Input START
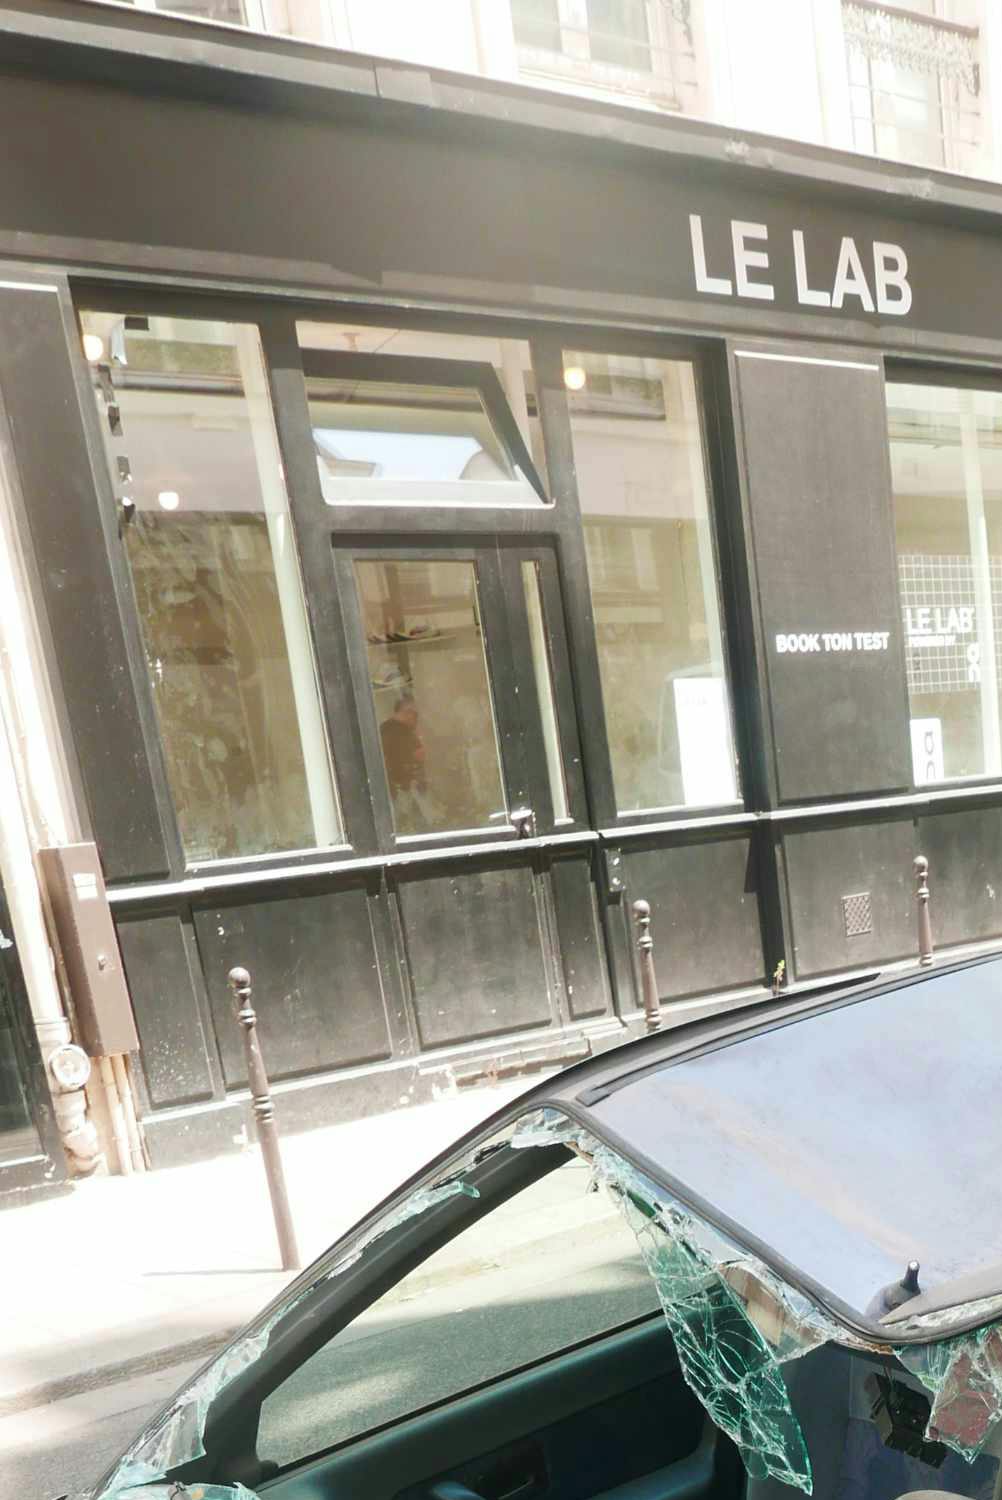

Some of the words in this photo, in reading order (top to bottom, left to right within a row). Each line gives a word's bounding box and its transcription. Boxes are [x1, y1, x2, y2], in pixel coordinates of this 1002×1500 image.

[689, 213, 775, 301] LE
[792, 229, 913, 316] LAB
[906, 607, 933, 635] LE
[935, 607, 975, 634] LAB
[775, 633, 821, 653] BOOK
[821, 632, 853, 651] TON
[853, 631, 890, 651] TEST
Input END
Work order:
Everything in the data except the pictures must appear in your answer unchanged.

Response for this exercise:
Some of the words in this photo, in reading order (top to bottom, left to right within a row). Each line gives a word's bounding box and its transcription. Boxes are [x1, y1, x2, y2], in pixel coordinates of this 1002×1500 image.

[689, 213, 775, 301] LE
[792, 229, 913, 316] LAB
[906, 607, 933, 635] LE
[935, 607, 975, 634] LAB
[775, 633, 821, 653] BOOK
[821, 632, 853, 651] TON
[853, 631, 890, 651] TEST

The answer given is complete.